Wherever a picture appears in the listing, leave it out, and copy the rest exactly.

### INFORMATION PROVIDED

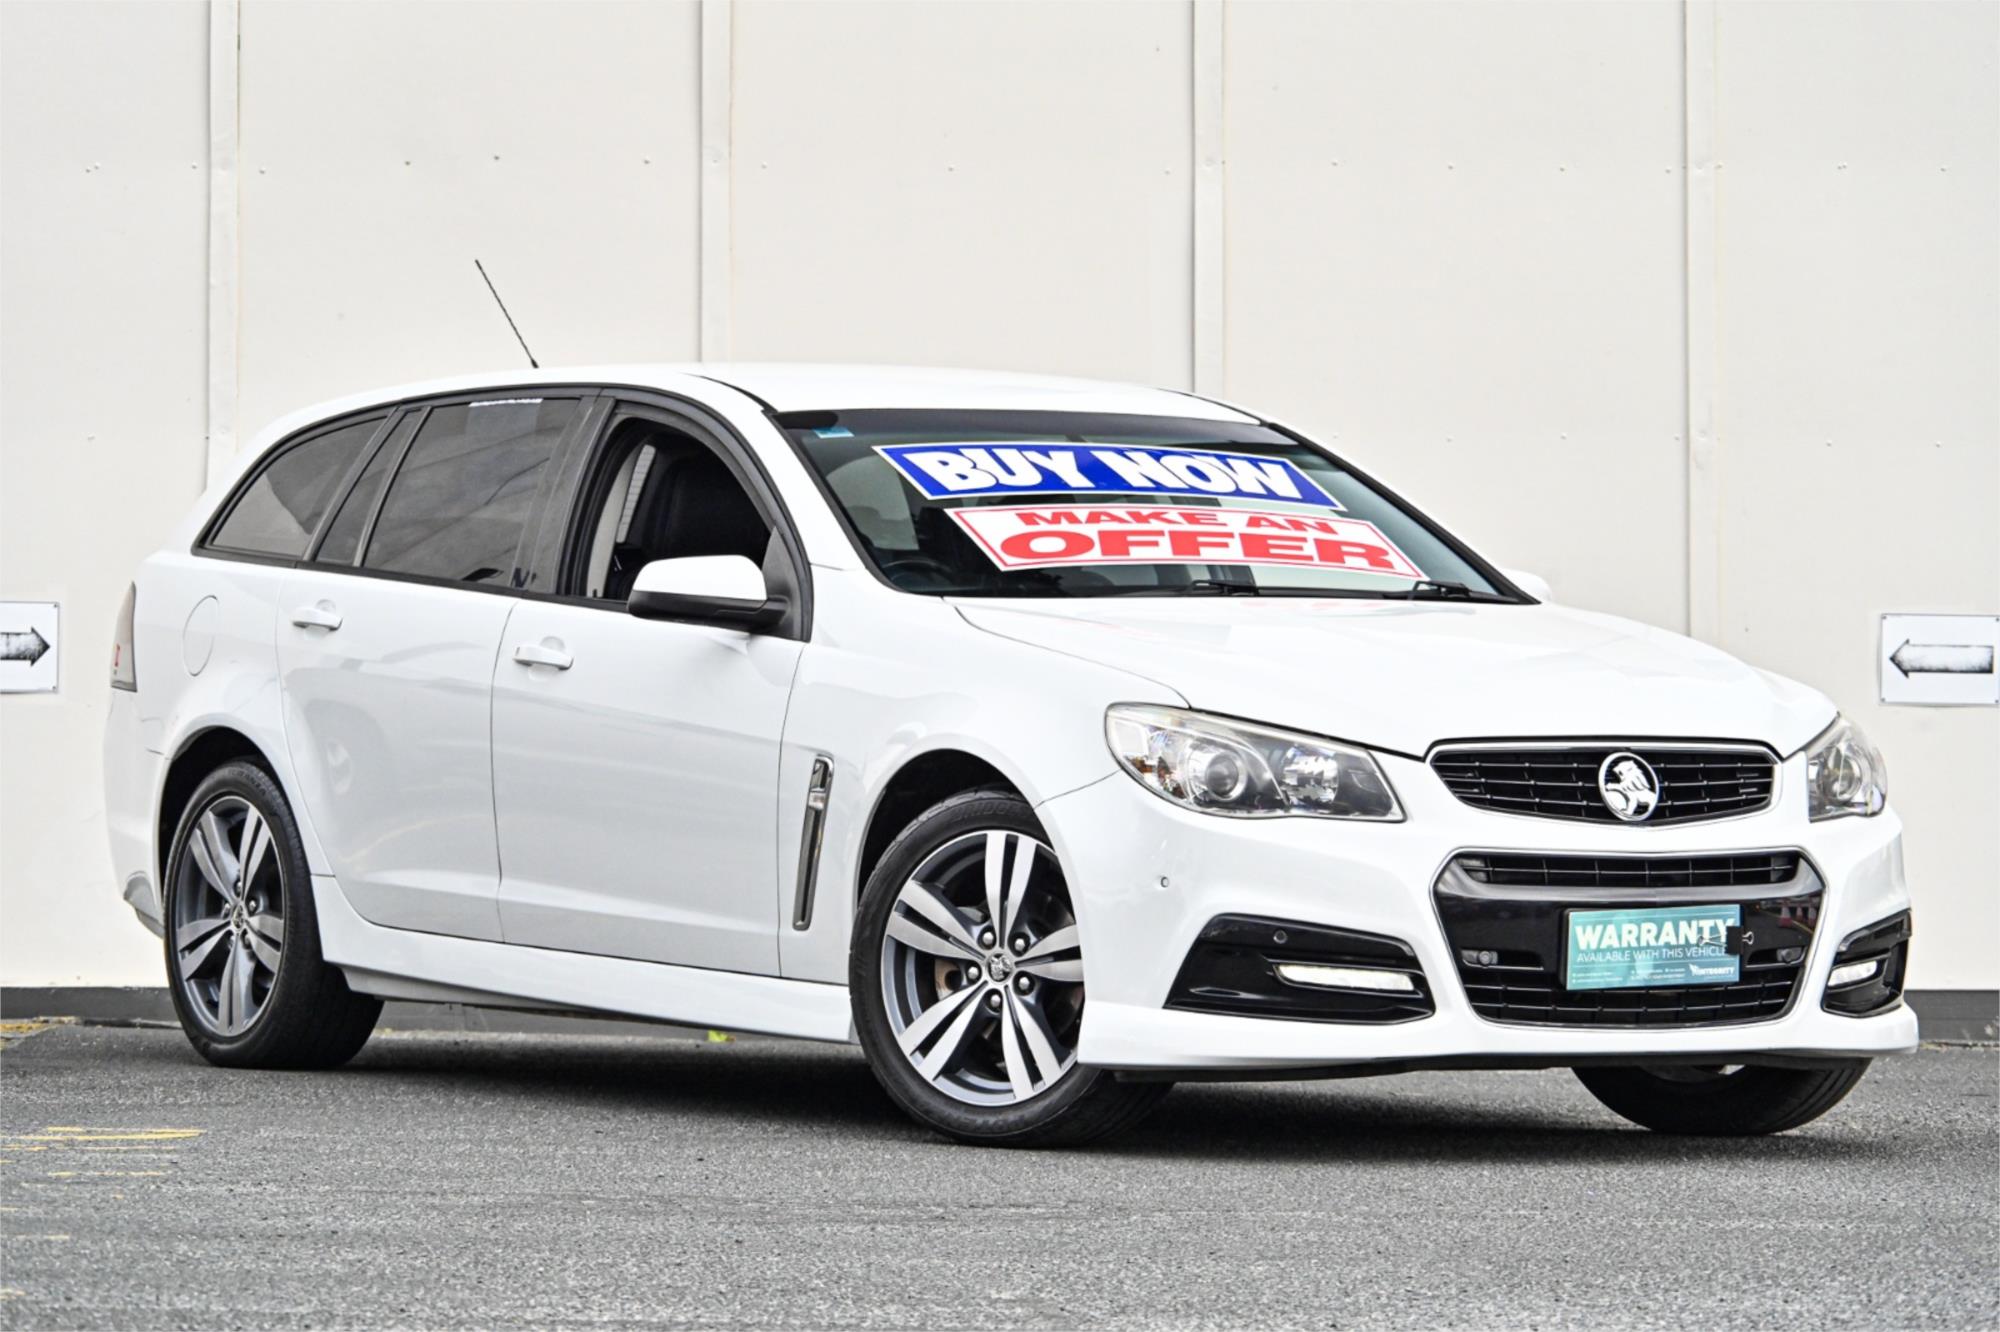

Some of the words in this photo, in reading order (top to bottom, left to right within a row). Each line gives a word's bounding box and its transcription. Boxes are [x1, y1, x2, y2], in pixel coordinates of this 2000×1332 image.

[902, 448, 1096, 491] BUY
[1089, 449, 1303, 499] NOW
[1015, 511, 1228, 527] MAKE
[1246, 515, 1339, 535] AN
[1000, 530, 1396, 570] OFFER
[1575, 918, 1735, 950] WARRANTY
[1577, 951, 1631, 963] AVAILABLE
[1633, 948, 1660, 961] WITH
[1662, 947, 1684, 959] THIS
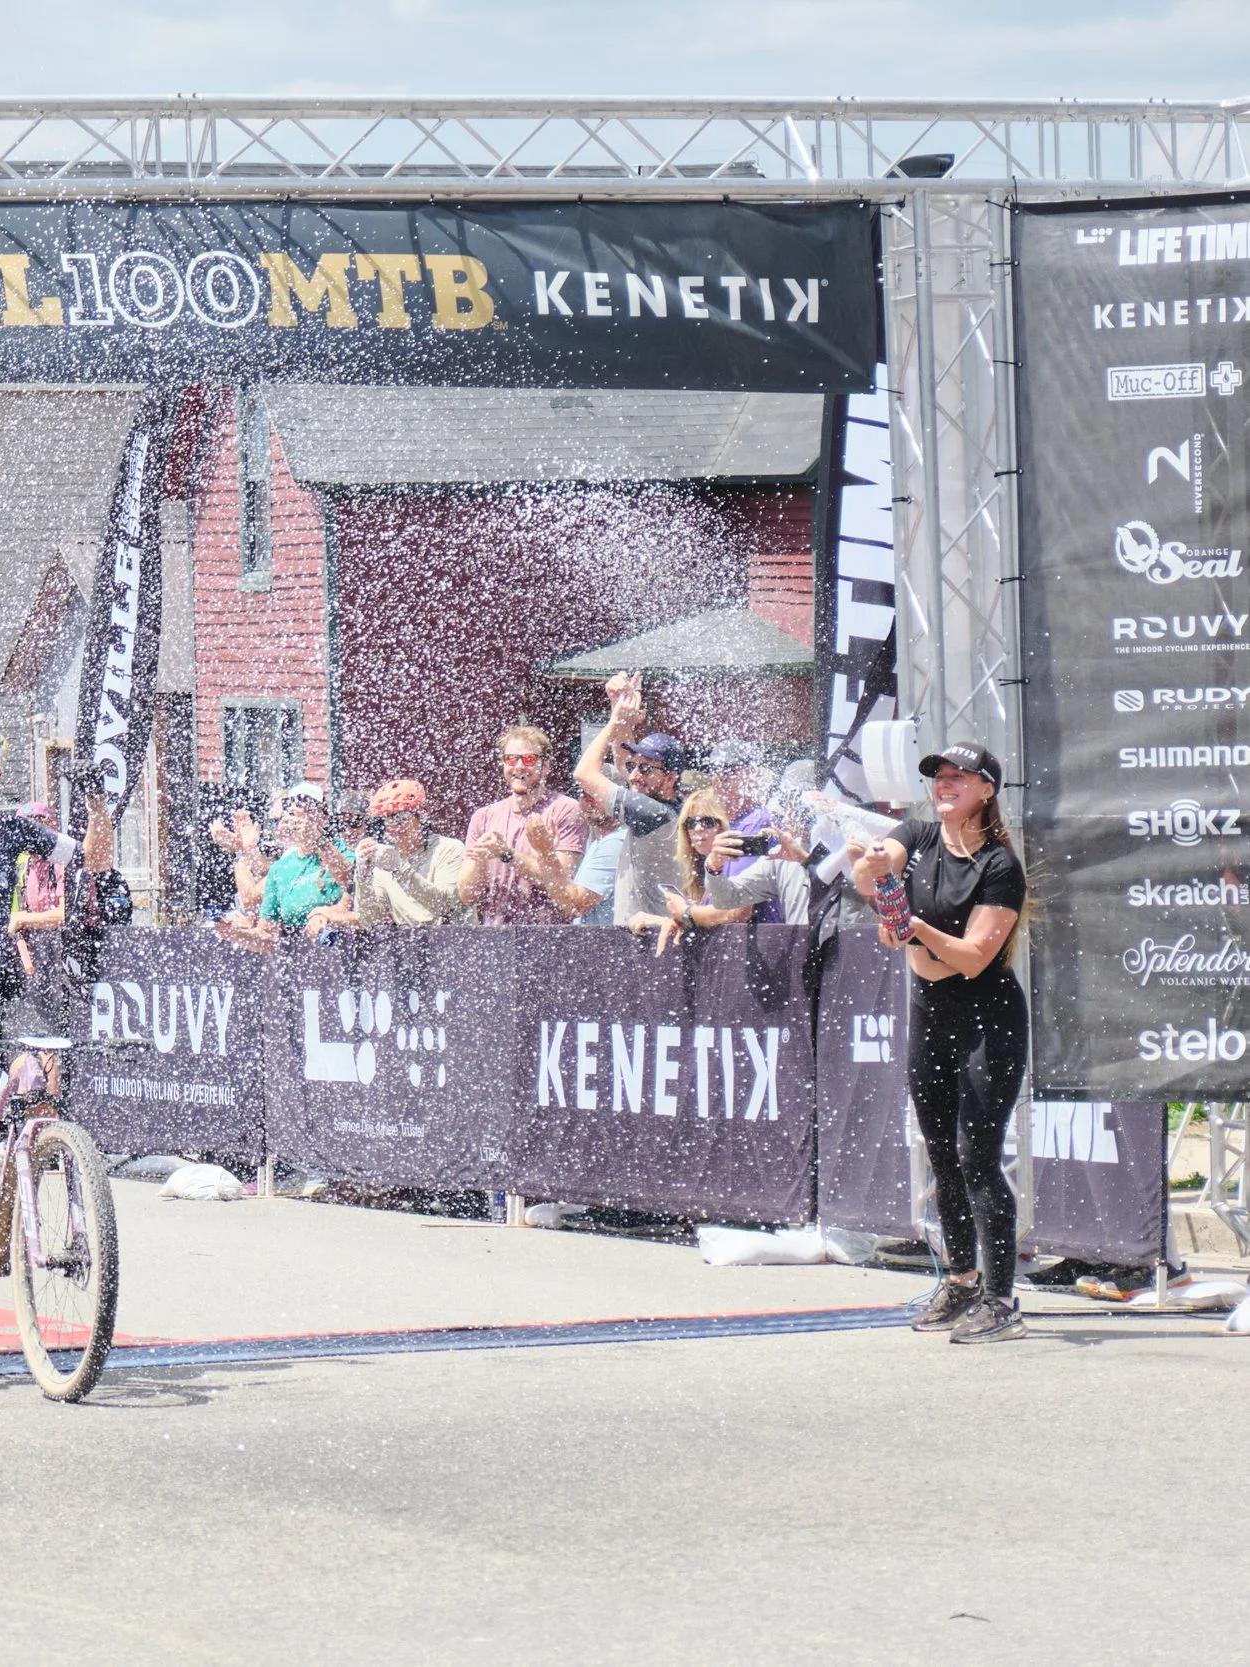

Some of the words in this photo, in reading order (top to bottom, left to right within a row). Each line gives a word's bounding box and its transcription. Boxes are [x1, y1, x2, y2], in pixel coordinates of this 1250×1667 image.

[1119, 222, 1250, 265] LIFETIM
[61, 250, 260, 328] 100
[259, 253, 495, 329] MTB
[534, 270, 819, 323] KENETIK
[1116, 370, 1199, 394] Muc-Off
[1195, 433, 1203, 513] NEVERSECOND
[1146, 542, 1243, 584] Seal
[1186, 548, 1229, 557] ORANGE
[1114, 614, 1249, 640] ROUVY
[1165, 644, 1198, 652] CYCLING
[1153, 687, 1250, 704] RUDY
[1161, 703, 1247, 711] PROJECT
[1119, 745, 1250, 768] SHIMANO
[1128, 809, 1241, 836] SHOKZ
[1128, 878, 1239, 906] skratch
[1240, 883, 1250, 905] LABS
[1160, 977, 1216, 986] VOLCANIC
[1220, 976, 1250, 985] WATE
[92, 982, 235, 1056] ROUVY
[1138, 1018, 1246, 1062] stelo
[538, 1021, 779, 1120] KENETIK
[93, 1077, 108, 1095] THE

######

[ANSWER TO THE EXERCISE]
Some of the words in this photo, in reading order (top to bottom, left to right within a row). Each line gives a word's bounding box and its transcription. Boxes are [x1, y1, x2, y2], in pixel coordinates of this 2000×1332 image.

[902, 448, 1096, 491] BUY
[1089, 449, 1303, 499] NOW
[1015, 511, 1228, 527] MAKE
[1246, 515, 1339, 535] AN
[1000, 530, 1396, 570] OFFER
[1575, 918, 1735, 950] WARRANTY
[1577, 951, 1631, 963] AVAILABLE
[1633, 948, 1660, 961] WITH
[1662, 947, 1684, 959] THIS

Some of the words in this photo, in reading order (top to bottom, left to right within a row). Each line gives a word's bounding box and its transcription. Boxes are [x1, y1, x2, y2], in pixel coordinates of this 1250×1667 image.

[1119, 222, 1250, 265] LIFETIM
[61, 250, 260, 328] 100
[259, 253, 495, 329] MTB
[534, 270, 819, 323] KENETIK
[1116, 370, 1199, 394] Muc-Off
[1195, 433, 1203, 513] NEVERSECOND
[1146, 542, 1243, 584] Seal
[1186, 548, 1229, 557] ORANGE
[1114, 614, 1249, 640] ROUVY
[1165, 644, 1198, 652] CYCLING
[1153, 687, 1250, 704] RUDY
[1161, 703, 1247, 711] PROJECT
[1119, 745, 1250, 768] SHIMANO
[1128, 809, 1241, 836] SHOKZ
[1128, 878, 1239, 906] skratch
[1240, 883, 1250, 905] LABS
[1160, 977, 1216, 986] VOLCANIC
[1220, 976, 1250, 985] WATE
[92, 982, 235, 1056] ROUVY
[1138, 1018, 1246, 1062] stelo
[538, 1021, 779, 1120] KENETIK
[93, 1077, 108, 1095] THE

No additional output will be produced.